**** DATASET CONTENT ****
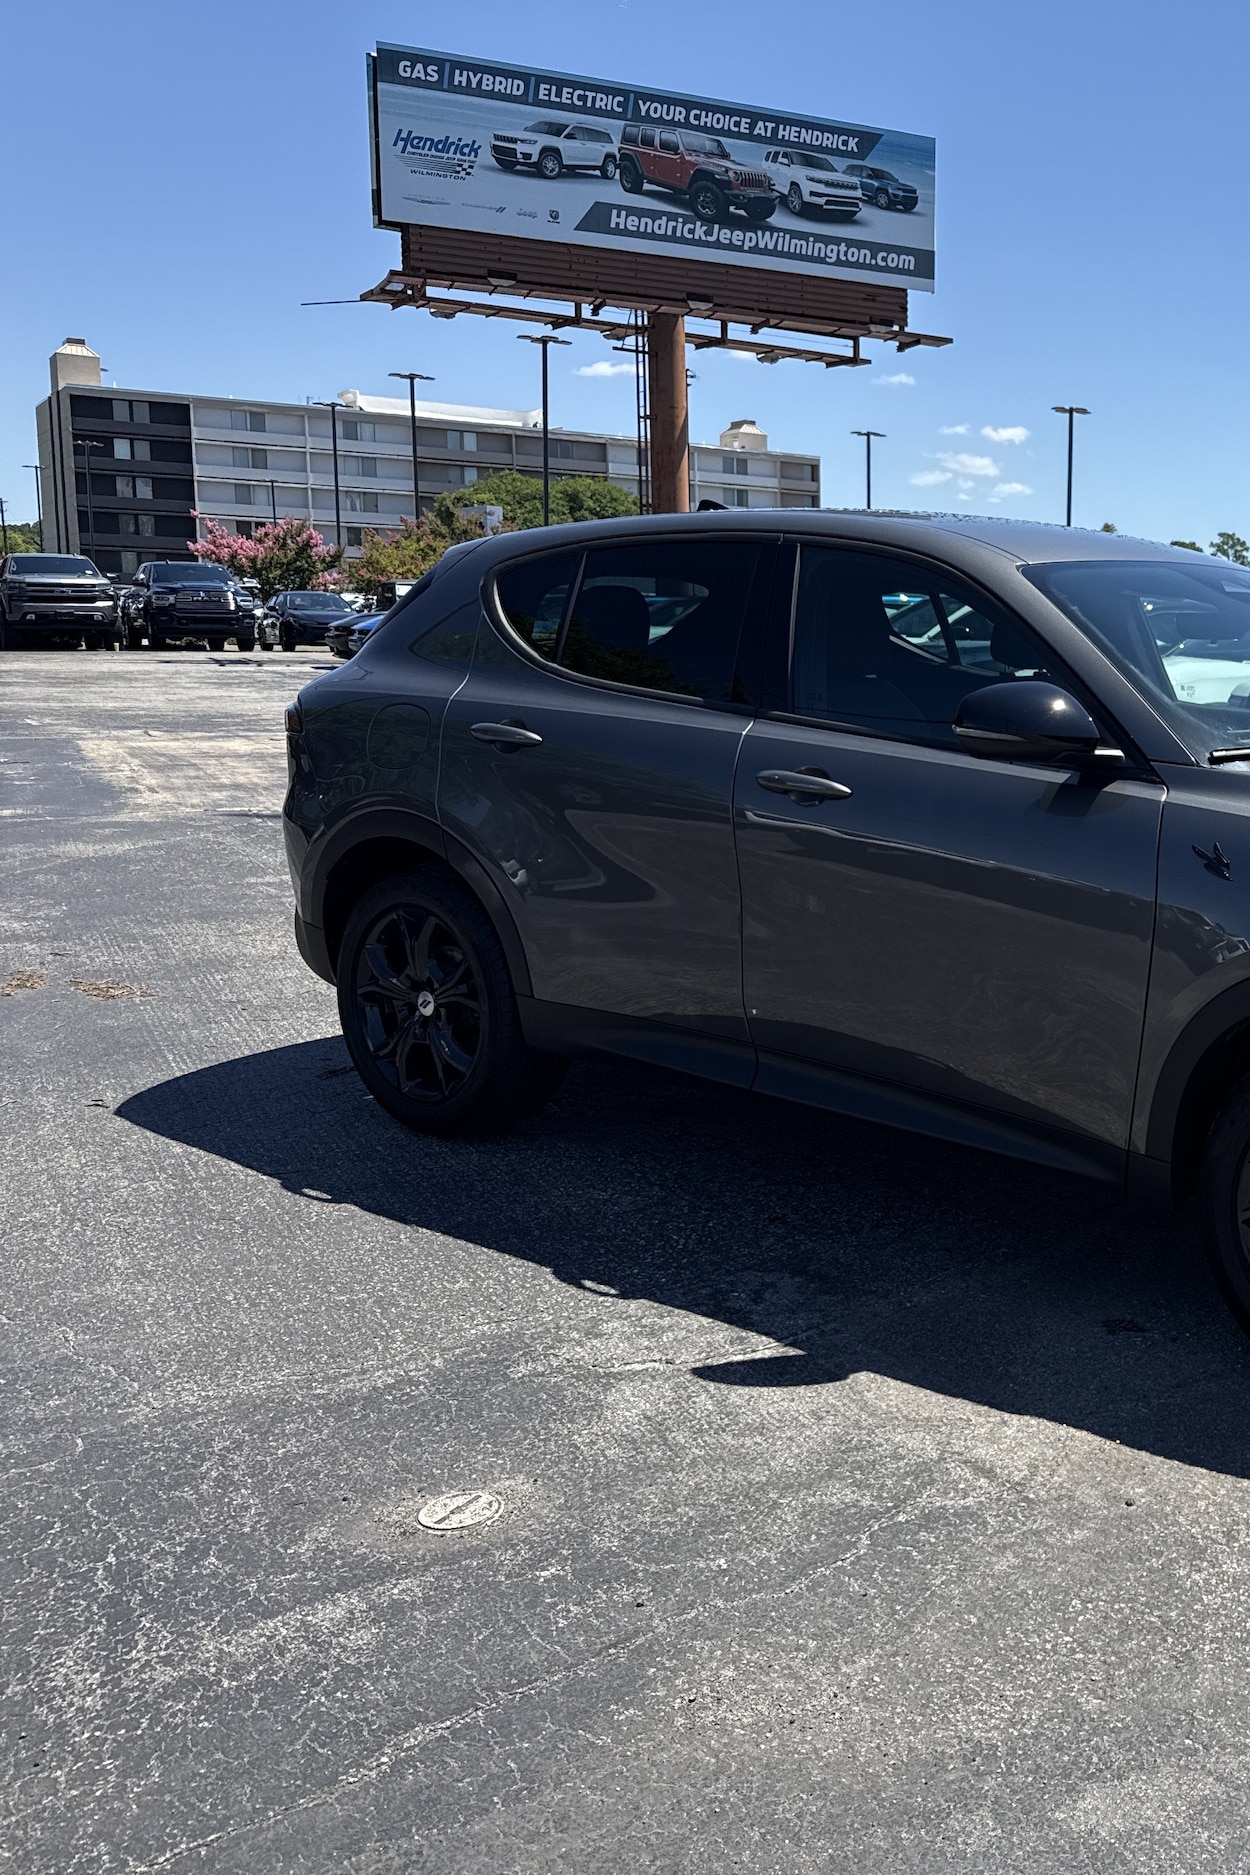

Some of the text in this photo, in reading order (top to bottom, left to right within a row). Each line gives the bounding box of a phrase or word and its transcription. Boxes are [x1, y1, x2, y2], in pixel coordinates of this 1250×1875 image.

[398, 60, 860, 153] GAS HYBRID ELECTRIC YOUR CHOICE AT HENDRICK
[392, 128, 482, 159] Hendrick
[410, 168, 467, 181] WILMINGTON
[609, 208, 916, 271] HendrickJeepWilmington.com
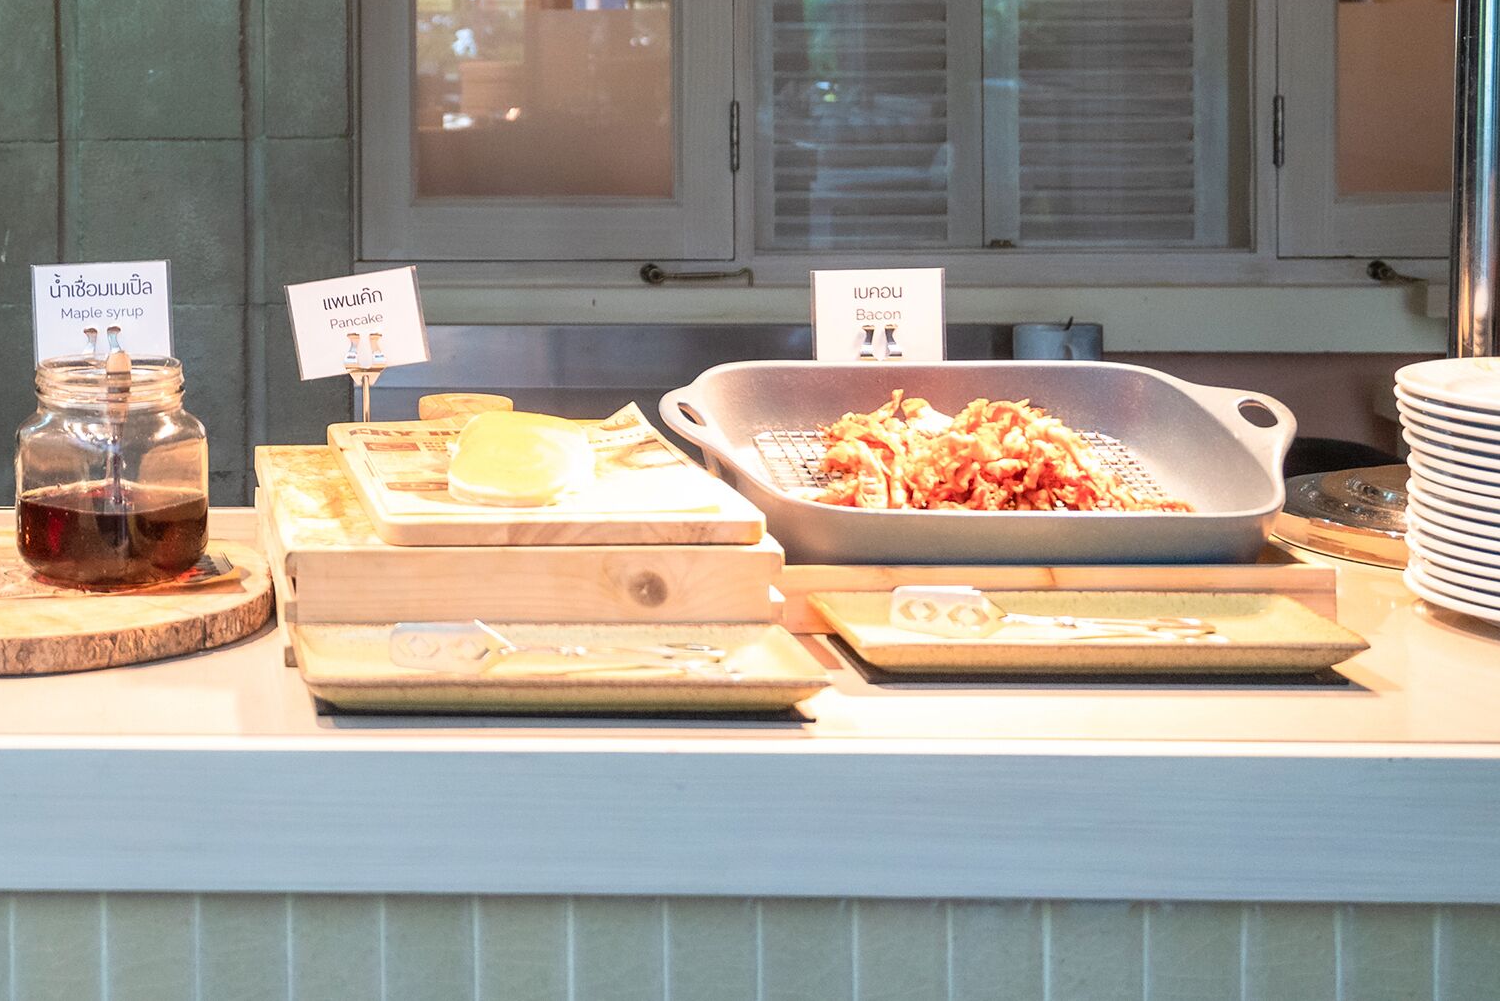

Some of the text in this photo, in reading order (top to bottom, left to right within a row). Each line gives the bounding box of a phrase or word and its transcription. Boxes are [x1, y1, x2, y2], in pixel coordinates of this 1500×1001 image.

[853, 286, 903, 300] เบคอน
[61, 306, 144, 321] Maple syrup
[329, 312, 384, 329] Pancake
[856, 308, 902, 321] Bacon
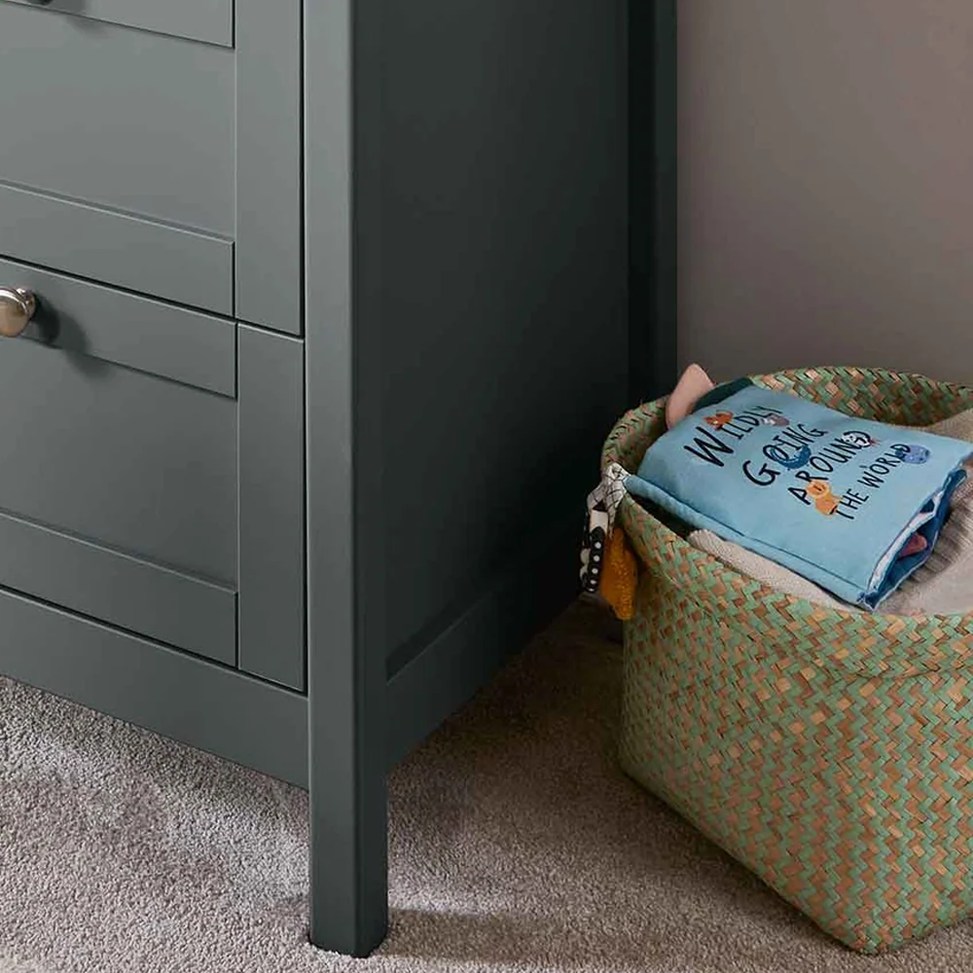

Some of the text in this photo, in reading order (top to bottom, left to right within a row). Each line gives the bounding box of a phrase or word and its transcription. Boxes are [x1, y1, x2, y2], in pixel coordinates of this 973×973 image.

[684, 406, 783, 467] WILDLY
[742, 424, 828, 487] GOING
[788, 430, 872, 506] AROUND
[829, 443, 911, 520] THE WORLD
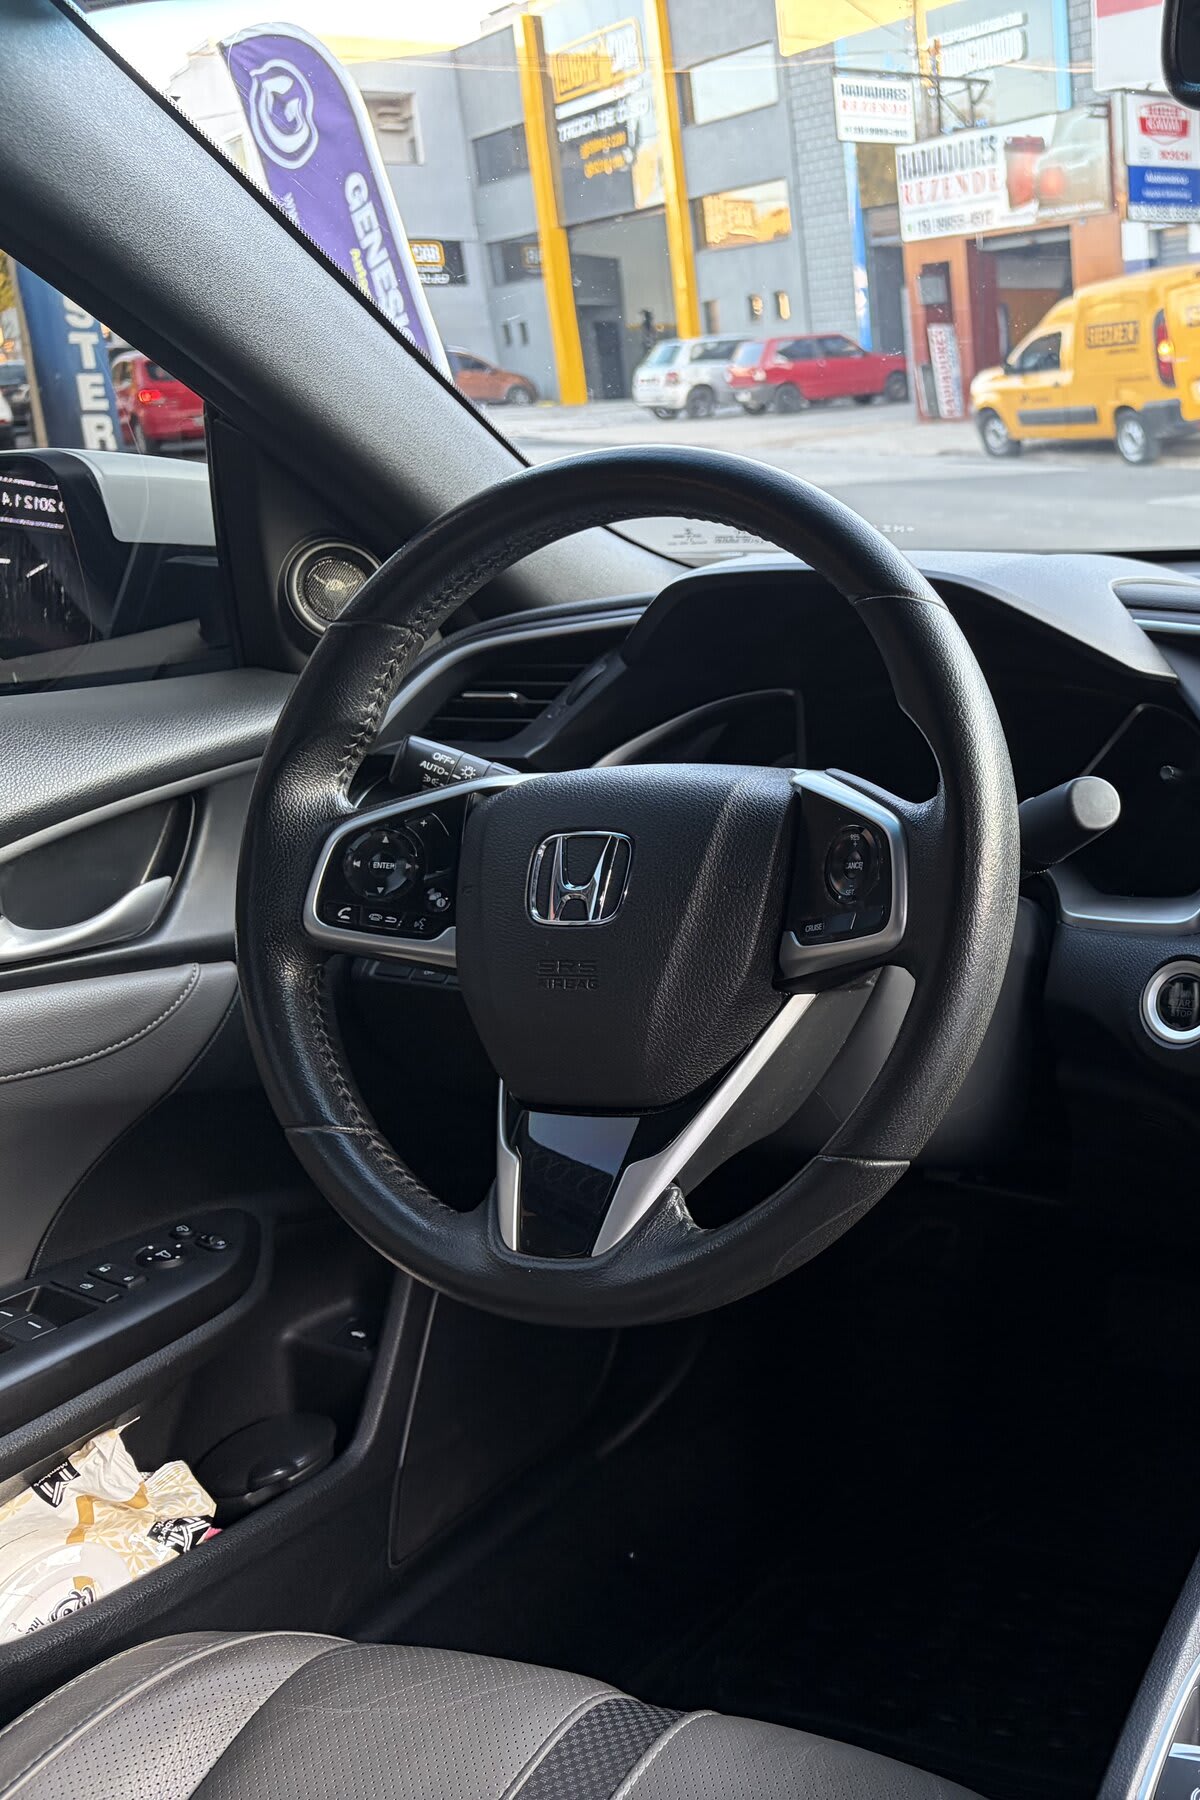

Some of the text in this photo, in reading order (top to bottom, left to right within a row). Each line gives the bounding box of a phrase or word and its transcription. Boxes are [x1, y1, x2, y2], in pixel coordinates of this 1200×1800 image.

[901, 168, 1000, 206] REZENDE
[432, 751, 452, 764] OFF
[419, 760, 446, 775] AUTO
[372, 861, 396, 870] ENTER
[804, 922, 823, 933] CRUISE
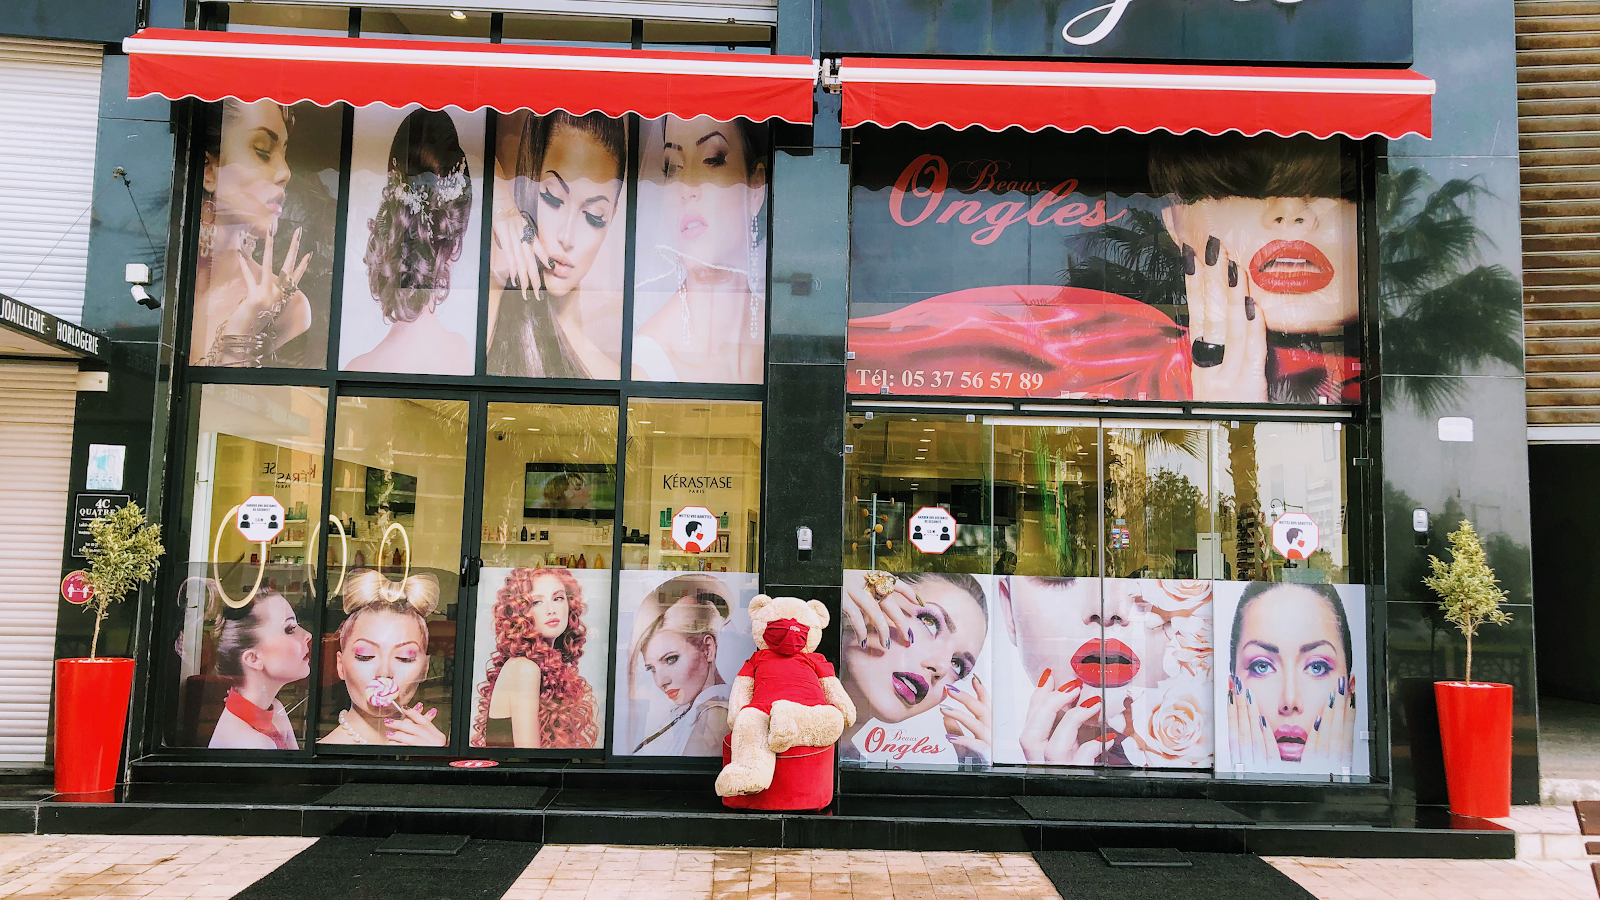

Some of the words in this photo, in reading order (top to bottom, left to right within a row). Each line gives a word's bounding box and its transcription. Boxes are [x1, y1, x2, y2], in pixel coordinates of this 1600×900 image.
****
Print the stretch of the data from the line with "this 1200×1800 image." through its last line, exactly and with both ends kept. Omit pictures.

Some of the text in this photo, in reading order (top to bottom, left to right within a row). Each line gives the bounding box of a phrase or word and its transcription. Boxes are [x1, y1, x2, y2], in pixel coordinates of this 1200×1800 image.

[901, 168, 1000, 206] REZENDE
[432, 751, 452, 764] OFF
[419, 760, 446, 775] AUTO
[372, 861, 396, 870] ENTER
[804, 922, 823, 933] CRUISE

Some of the words in this photo, in reading order (top to bottom, left to right within a row). Each line gives a word's bounding box and its transcription. Boxes are [x1, y1, x2, y2], in pixel coordinates of this 1600×900 image.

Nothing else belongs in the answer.